Early Mars' habitability and global cooling by H2-based methanogens
Boris Sauterey, Benjamin Charnay, Antonin Affholder, Stephane Mazevet, and Regis Ferriere

TL;DR
This study evaluates the potential for early Mars' subsurface to support H2-based methanogenic life, showing it was likely habitable but could have caused global cooling, ending surface habitability.
Contribution
It provides the first quantitative assessment of H2-based methanogen habitability and their climate impact on early Mars.
Findings
Subsurface habitability was very likely, mainly limited by surface ice coverage.

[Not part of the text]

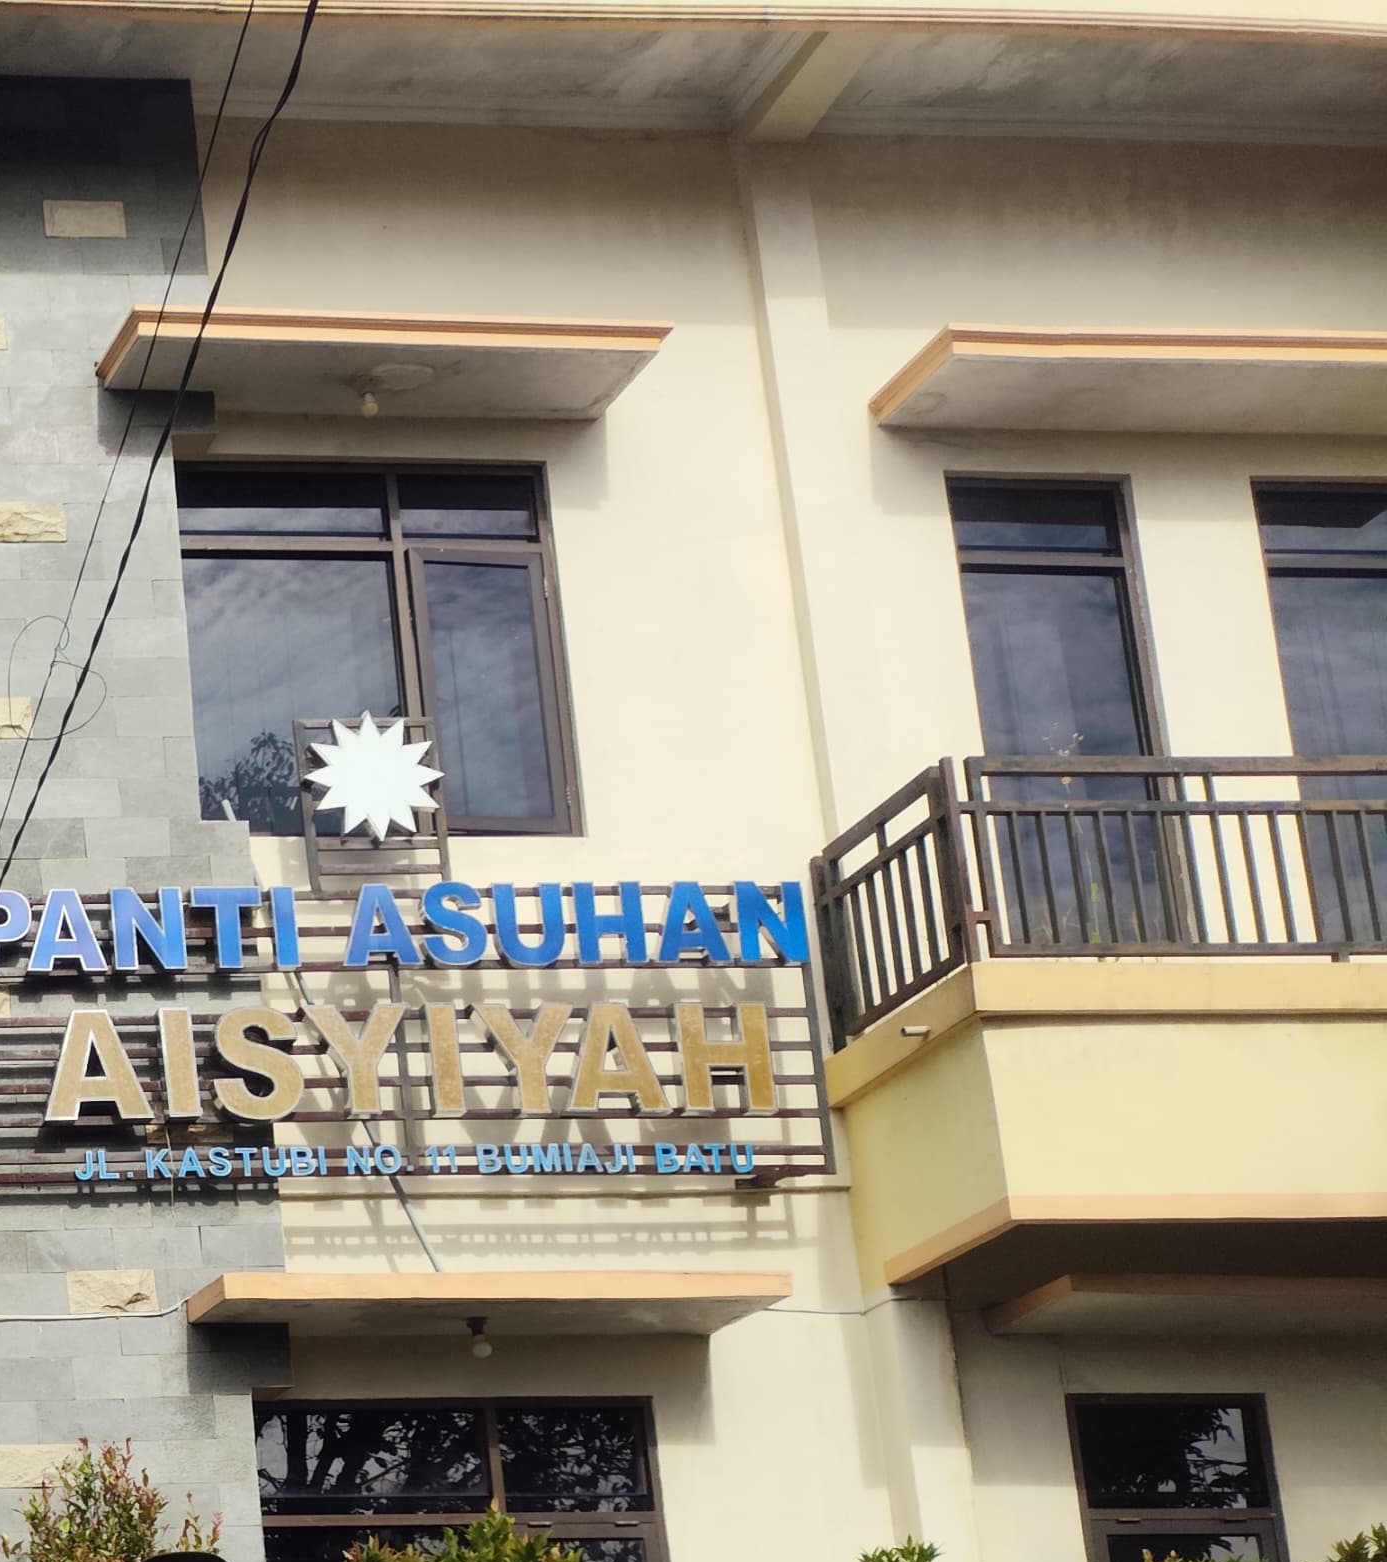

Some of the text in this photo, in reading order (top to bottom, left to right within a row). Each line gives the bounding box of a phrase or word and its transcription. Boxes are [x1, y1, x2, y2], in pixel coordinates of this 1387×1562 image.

Biomass productivity could match early Earth's ocean levels.
Methanogenesis likely caused global cooling, ending surface habitability.
Abstract
During the Noachian, Mars' crust may have provided a favorable environment for microbial life. The porous brine-saturated regolith would have created a physical space sheltered from UV and cosmic radiations and provided a solvent, while the below-ground temperature and diffusion of a dense reduced atmosphere may have supported simple microbial organisms that consume H2 and CO2 as energy and carbon sources and produce methane as a waste. On Earth, hydrogenotrophic methanogenesis was among the earliest metabolisms but its viability on early Mars has never been quantitatively evaluated. Here we present a probabilistic assessment of Mars' Noachian habitability to H2-based methanogens, and quantify their biological feedback on Mars' atmosphere and climate. We find that subsurface habitability was very likely, and limited mainly by the extent of surface ice coverage. Biomass productivity…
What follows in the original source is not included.